Development and Comprehensive Characterization of Magnetic Chitosan Particles for Clean Removal of Pollutants from Water

A single water pollution by dyes is a huge environmental problem; there is a necessity to produce new decolorization methods that are effective, cost-attractive, and suitable in industrial use. Magnetic chitosan polymers offer the advantage of easy separation from the dye solution. In this work, a Chitosan-Fe polymer was synthesized, characterized, and tested for removal of the azo dye Direct Red 83:1 from water.

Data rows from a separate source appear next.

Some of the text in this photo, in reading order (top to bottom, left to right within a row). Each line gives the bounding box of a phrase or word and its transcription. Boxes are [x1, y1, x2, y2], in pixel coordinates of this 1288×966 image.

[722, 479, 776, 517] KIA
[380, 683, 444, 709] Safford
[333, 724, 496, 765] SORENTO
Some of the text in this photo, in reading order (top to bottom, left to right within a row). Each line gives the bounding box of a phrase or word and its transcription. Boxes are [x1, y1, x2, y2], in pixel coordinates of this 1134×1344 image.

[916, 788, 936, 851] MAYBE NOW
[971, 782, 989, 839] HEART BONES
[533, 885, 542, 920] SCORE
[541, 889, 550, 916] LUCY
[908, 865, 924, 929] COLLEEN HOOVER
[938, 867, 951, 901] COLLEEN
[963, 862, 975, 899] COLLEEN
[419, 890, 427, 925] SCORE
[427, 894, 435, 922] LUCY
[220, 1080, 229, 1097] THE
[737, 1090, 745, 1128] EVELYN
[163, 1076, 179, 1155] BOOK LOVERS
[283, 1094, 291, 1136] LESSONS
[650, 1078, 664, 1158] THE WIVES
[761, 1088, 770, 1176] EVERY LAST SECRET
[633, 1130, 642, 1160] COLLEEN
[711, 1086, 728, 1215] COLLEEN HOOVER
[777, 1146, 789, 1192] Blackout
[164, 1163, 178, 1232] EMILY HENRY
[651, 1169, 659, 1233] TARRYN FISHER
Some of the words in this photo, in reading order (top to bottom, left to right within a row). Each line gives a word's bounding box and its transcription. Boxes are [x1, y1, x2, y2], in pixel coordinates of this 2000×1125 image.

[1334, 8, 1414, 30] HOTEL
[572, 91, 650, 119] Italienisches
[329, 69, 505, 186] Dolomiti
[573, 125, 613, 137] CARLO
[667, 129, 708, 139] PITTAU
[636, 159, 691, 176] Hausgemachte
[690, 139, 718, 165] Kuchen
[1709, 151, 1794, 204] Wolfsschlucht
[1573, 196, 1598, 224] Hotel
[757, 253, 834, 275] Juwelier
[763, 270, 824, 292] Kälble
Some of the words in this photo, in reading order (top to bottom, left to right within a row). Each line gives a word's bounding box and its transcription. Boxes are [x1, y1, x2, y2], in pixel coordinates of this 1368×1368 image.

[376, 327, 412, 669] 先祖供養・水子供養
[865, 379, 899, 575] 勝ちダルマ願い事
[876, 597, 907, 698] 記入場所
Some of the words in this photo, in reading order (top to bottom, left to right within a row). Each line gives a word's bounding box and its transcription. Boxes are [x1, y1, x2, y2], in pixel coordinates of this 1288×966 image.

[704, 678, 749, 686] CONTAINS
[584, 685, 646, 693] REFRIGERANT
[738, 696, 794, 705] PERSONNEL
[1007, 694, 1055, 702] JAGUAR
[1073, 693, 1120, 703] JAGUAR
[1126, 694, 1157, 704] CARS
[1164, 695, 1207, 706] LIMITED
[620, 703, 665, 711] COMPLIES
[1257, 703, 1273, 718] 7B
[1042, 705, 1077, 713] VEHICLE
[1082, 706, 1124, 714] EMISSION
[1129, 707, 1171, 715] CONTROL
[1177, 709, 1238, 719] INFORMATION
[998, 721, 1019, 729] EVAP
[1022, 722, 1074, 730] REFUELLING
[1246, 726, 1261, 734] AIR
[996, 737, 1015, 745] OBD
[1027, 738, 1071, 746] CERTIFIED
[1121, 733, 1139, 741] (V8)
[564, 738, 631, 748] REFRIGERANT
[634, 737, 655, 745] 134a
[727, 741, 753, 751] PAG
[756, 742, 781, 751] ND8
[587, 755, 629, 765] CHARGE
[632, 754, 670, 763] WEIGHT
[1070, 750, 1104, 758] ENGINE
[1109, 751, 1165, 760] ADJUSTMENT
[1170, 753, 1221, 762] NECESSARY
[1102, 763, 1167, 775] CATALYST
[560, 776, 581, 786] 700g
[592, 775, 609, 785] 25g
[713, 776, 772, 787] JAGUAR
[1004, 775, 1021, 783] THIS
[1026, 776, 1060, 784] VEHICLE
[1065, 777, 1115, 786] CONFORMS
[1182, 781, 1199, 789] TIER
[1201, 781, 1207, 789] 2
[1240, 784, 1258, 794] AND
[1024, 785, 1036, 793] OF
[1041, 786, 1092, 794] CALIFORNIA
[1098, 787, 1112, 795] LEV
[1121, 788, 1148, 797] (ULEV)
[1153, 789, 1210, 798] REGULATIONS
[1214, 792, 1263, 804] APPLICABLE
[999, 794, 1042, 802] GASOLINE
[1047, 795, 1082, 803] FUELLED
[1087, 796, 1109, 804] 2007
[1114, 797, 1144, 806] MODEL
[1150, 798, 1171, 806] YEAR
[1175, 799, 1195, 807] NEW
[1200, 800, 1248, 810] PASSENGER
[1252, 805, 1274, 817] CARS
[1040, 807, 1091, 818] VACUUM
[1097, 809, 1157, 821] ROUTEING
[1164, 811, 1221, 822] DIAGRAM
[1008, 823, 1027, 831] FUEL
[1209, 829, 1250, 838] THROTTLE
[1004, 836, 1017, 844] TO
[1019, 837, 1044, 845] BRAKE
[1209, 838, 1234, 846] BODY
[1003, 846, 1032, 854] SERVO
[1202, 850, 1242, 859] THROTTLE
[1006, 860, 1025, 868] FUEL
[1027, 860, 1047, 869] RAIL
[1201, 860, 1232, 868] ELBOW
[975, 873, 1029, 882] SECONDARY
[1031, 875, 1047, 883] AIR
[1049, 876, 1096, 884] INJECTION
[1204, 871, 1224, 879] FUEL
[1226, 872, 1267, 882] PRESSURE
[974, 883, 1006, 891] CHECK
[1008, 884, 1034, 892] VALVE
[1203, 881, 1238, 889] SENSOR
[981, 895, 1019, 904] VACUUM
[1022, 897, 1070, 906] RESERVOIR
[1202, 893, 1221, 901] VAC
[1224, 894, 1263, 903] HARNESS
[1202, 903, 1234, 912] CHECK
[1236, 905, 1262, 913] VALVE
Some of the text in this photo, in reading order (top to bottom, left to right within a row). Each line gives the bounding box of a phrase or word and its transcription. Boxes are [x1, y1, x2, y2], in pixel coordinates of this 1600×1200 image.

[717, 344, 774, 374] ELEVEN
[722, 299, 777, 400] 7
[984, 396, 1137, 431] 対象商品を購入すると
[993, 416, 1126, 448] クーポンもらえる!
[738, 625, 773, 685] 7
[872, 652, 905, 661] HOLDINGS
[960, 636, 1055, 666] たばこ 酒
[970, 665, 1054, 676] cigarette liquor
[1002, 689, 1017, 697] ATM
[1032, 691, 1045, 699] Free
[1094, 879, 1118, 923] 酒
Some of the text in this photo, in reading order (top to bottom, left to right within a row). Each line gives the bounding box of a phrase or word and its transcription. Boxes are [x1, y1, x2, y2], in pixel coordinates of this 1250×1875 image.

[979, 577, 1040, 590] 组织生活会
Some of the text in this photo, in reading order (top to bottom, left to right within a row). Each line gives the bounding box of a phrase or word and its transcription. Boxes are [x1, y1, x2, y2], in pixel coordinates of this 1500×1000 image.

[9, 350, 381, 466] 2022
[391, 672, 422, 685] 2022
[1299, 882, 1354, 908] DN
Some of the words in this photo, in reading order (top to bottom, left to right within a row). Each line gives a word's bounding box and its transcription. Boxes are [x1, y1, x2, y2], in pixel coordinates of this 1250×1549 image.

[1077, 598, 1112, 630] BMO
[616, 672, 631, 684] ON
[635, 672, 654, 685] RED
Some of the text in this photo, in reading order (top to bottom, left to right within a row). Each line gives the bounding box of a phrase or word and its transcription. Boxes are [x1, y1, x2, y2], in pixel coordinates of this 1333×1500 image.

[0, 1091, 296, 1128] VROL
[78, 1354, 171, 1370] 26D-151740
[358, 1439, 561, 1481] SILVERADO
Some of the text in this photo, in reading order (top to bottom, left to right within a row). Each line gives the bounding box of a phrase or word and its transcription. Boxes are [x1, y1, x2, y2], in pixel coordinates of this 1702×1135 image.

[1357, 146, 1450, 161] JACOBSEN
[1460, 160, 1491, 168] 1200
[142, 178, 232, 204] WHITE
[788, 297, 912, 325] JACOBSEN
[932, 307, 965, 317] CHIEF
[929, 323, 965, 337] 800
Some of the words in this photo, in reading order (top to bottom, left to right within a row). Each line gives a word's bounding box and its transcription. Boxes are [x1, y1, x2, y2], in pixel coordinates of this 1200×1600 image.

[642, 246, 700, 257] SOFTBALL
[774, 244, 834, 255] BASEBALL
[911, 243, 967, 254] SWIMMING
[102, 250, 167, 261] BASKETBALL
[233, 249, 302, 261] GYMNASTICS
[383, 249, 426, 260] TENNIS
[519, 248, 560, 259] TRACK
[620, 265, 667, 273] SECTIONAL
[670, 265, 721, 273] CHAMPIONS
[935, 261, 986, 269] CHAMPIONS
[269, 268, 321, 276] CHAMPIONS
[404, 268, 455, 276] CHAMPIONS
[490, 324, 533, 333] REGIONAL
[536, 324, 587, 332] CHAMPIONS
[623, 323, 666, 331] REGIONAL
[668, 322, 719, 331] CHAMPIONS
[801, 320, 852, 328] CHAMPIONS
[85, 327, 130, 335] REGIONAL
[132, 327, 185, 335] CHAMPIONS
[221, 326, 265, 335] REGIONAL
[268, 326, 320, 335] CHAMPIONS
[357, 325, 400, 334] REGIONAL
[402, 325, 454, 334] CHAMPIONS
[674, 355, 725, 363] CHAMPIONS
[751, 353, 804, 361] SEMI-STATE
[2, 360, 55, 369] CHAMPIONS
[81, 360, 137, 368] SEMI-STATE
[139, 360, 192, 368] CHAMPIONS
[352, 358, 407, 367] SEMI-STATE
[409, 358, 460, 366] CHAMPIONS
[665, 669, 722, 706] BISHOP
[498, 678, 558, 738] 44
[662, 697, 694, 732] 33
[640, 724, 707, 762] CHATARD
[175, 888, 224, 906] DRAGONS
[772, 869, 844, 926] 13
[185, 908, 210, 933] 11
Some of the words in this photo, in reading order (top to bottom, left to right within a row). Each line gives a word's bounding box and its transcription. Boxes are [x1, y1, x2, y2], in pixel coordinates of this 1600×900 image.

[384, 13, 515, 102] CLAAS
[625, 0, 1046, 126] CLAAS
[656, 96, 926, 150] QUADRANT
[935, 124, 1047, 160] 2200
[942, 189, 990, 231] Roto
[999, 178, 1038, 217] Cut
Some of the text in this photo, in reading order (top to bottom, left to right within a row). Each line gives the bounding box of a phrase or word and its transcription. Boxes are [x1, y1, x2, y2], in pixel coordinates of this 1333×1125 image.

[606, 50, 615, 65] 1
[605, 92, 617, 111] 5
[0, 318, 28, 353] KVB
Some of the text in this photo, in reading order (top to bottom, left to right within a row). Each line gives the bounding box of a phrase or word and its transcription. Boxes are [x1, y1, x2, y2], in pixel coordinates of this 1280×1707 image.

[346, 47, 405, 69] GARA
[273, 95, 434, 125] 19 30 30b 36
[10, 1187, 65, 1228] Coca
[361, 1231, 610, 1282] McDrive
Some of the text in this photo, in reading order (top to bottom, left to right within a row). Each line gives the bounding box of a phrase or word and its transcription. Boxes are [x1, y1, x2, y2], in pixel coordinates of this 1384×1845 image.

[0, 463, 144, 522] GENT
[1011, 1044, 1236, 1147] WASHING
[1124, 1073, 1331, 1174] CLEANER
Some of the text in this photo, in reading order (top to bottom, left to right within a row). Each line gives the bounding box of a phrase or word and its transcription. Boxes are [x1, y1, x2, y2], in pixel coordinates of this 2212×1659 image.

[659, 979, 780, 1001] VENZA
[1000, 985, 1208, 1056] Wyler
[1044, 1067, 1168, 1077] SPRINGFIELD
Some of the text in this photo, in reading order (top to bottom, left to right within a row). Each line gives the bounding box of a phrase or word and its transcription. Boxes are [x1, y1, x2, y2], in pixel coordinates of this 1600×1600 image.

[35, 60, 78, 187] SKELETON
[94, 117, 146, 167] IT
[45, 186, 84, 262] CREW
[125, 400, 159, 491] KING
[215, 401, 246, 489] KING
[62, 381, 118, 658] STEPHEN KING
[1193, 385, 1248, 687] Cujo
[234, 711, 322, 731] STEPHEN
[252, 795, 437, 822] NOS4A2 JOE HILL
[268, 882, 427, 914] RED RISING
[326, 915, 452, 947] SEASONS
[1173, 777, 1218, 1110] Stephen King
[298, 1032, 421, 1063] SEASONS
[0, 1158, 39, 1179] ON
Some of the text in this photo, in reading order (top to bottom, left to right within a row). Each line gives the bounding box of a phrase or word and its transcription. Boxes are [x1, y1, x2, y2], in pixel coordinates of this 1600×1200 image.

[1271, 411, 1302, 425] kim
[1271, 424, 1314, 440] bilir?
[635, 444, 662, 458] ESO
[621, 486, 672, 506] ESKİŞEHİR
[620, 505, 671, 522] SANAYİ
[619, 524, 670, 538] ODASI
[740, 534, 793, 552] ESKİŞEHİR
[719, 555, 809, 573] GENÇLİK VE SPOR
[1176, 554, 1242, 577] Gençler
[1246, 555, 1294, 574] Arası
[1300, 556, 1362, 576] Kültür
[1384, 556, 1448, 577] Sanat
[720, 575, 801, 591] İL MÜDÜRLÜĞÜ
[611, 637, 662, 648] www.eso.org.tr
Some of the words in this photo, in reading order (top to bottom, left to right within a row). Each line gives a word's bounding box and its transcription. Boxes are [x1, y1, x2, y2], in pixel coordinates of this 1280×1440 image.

The polymer was characterized in terms of surface morphology (SEM), elemental analysis (EA), differential scanning calorimetry (DSC), thermal gravimetric analysis (TGA), infrared spectrophotometry (IR), X-ray powder diffraction (XRD) and density functional theory (DFT). The reported results hint that 1 g and pH 7.0 were the best conditions to carry out both kinetic and isotherm models. To understand the adsorption behavior of Direct Red 83:1 onto the polymers, adsorption rate and maximum adsorption capacity were calculated using kinetic tests and isotherm curves respectively. The kinetic data and mechanism of the adsorption process were analyzed by three models and the equilibrium data by three adsorption isotherms. The results indicated that the adsorption process follows a pseudo-second-order kinetics (R2= 0.999) and fits the Temkin isotherm (R2= 0.946), indicating that the adsorption occurred on heterogeneous surfaces. The newly synthesized Chitosan-Fe polymer exhibited good adsorption properties and easy separation of cleaned water.